The Baby Boomer Heart: Healing Fitness
When it comes to protecting your heart, fitness plays a key role.
Getting Started Getting Fit
If you're like most adults, it could be 10, 20, or even 30 years since you
participated in any kind of meaningful physical activity. And if that is the
case, doctors say the last thing you want to do is put on the football jersey
and head for a weekend game of touch football with your nephew and his college
buddies. Likewise ladies, don't dust off those old aerobic tapes and expect to
go full tilt on day one.
Start slow and build up gradually.
"You don't have to have any kind of stress test. You just start walking
more, taking the stairs instead of the elevator, parking your car farther
rather than closer to the store entry. Just begin by incorporating more
movement in your normal life," says Siegel.

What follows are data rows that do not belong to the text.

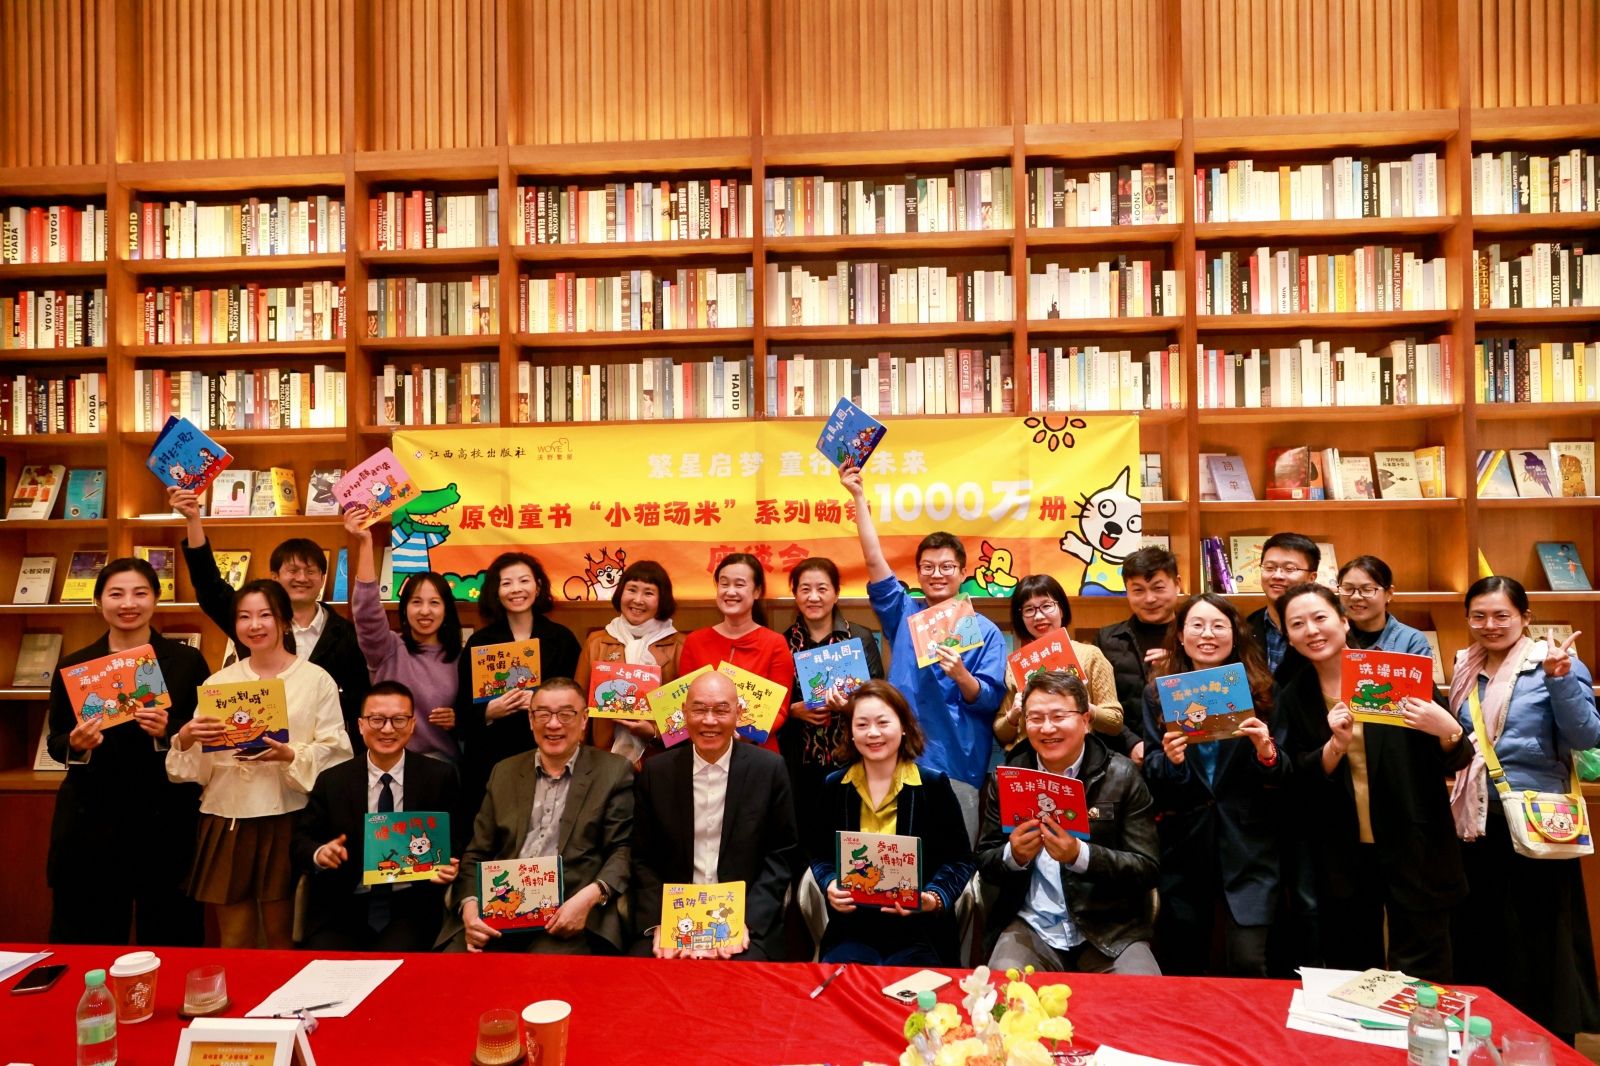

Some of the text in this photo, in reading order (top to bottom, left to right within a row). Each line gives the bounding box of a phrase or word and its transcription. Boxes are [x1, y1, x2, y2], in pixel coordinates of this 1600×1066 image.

[1134, 191, 1142, 222] KOONS
[129, 212, 138, 250] HADID
[45, 297, 53, 331] POADA
[732, 373, 740, 412] HADID
[88, 394, 96, 428] POADA
[210, 418, 216, 427] LO
[429, 446, 527, 461] 江西高校出版社
[537, 445, 563, 454] WOYE
[779, 450, 932, 477] 童行未来
[813, 644, 862, 664] 我是小园丁
[1019, 641, 1063, 669] 洗澡时间
[616, 667, 651, 682] 上台演出
[1359, 663, 1423, 684] 洗澡时间
[1009, 778, 1076, 796] 汤米当医生
[877, 840, 899, 854] 参观
[880, 853, 916, 868] 博物馆
[518, 863, 540, 878] 参观
[521, 871, 557, 887] 博物馆
[673, 891, 735, 910] 西饼屋的一天
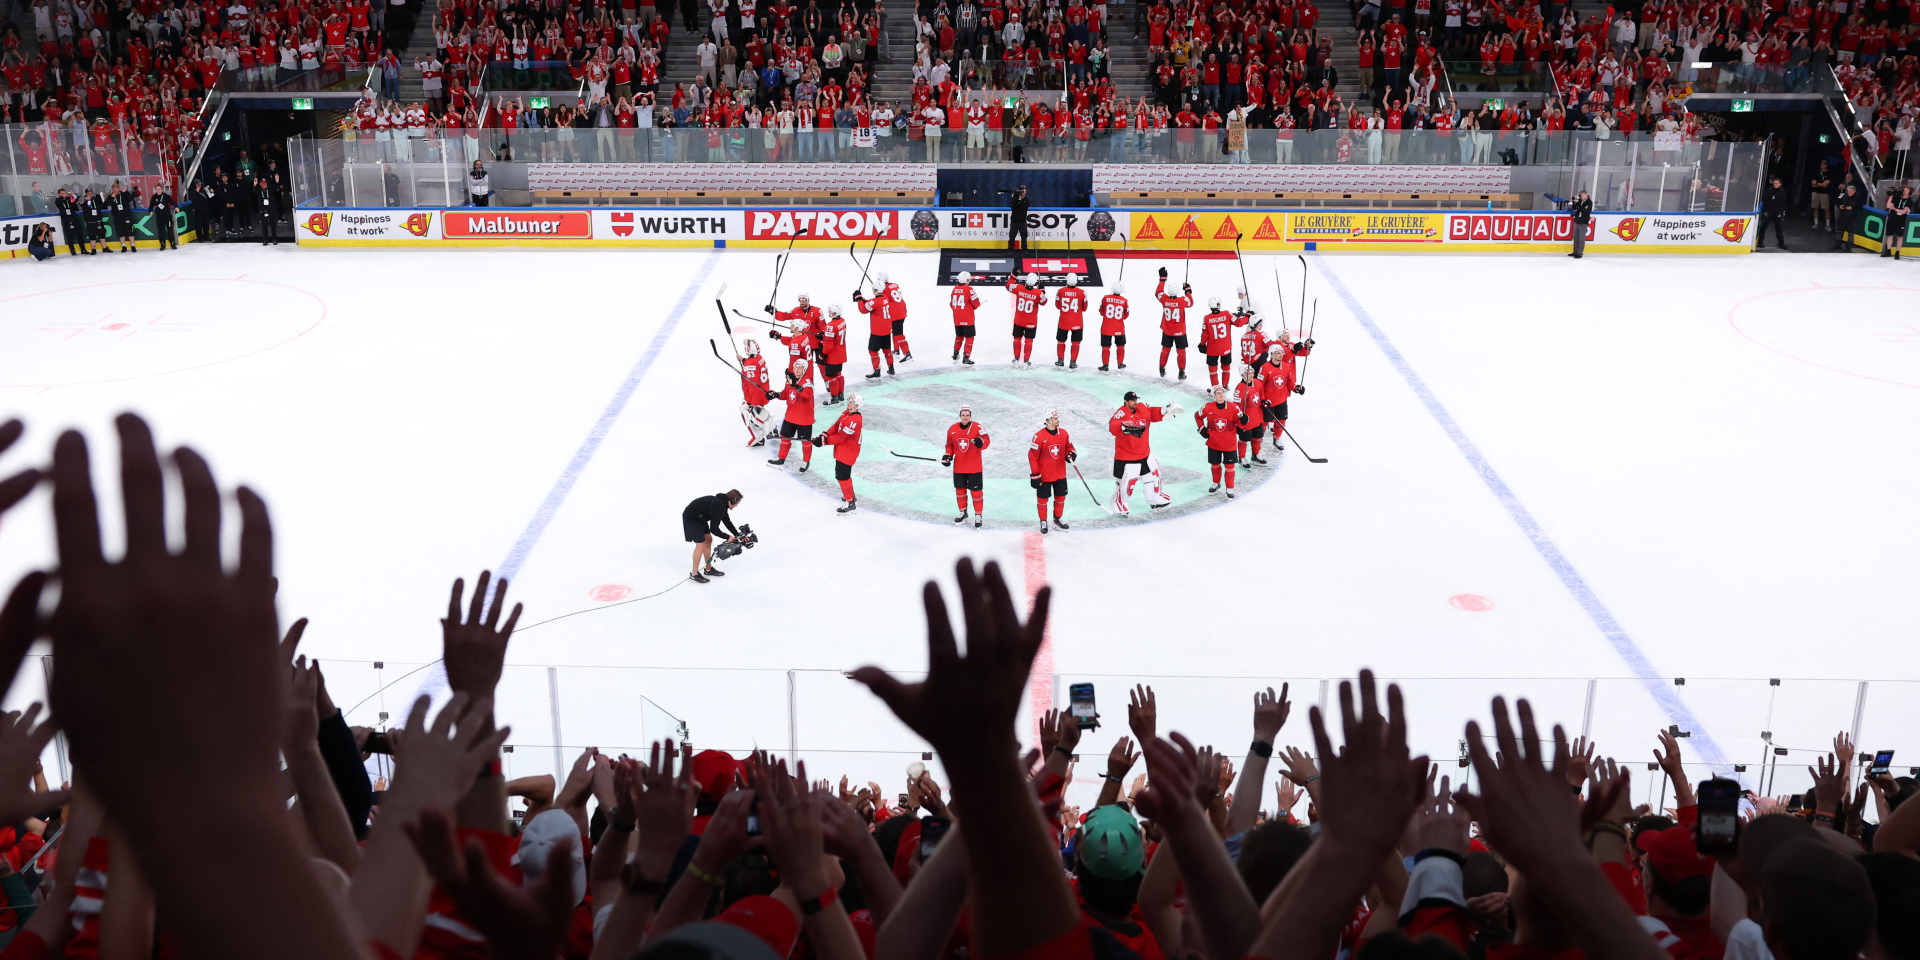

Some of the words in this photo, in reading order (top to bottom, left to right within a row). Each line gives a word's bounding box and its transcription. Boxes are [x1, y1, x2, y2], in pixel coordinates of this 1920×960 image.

[860, 128, 870, 137] 18
[341, 214, 391, 225] Happiness
[468, 216, 561, 234] Malbuner
[753, 212, 891, 238] PATRON
[987, 214, 1076, 229] TISOT
[1294, 216, 1305, 227] LE
[1308, 214, 1352, 227] GRUYÈRE
[1367, 216, 1378, 227] LE
[1381, 215, 1425, 228] GRUYÈRE
[1653, 218, 1706, 230] Happiness
[1140, 224, 1160, 238] Sika
[1178, 224, 1199, 238] Sika
[1217, 225, 1238, 238] Sika
[1256, 225, 1277, 238] Sika
[952, 295, 965, 309] 44
[1018, 298, 1034, 313] 80
[1061, 298, 1079, 313] 54
[1105, 304, 1124, 320] 88
[1164, 308, 1181, 322] 94
[1212, 323, 1227, 339] 13
[850, 421, 857, 429] 14

If you do feel discomfort while walking -- or doing any physical activity --
and feel better when you rest, talk to your doctor about some routine testing
to assess your current heart health. Your doctor can also work with you on an
activity program that you can continue safely and effectively.
Remember, it's never too late to incorporate fitness into your life -- no
matter your age.
In fact, a few years ago doctors from the Ann Arbor VA Hospital in Michigan
looked at a group of men and women 80 years old and older. They found
all yielded important health benefits -- including improving the body's ability
to use oxygen and reducing blood pressure -- by simply walking on a treadmill
or riding an exercise bike for 20 minutes twice a week.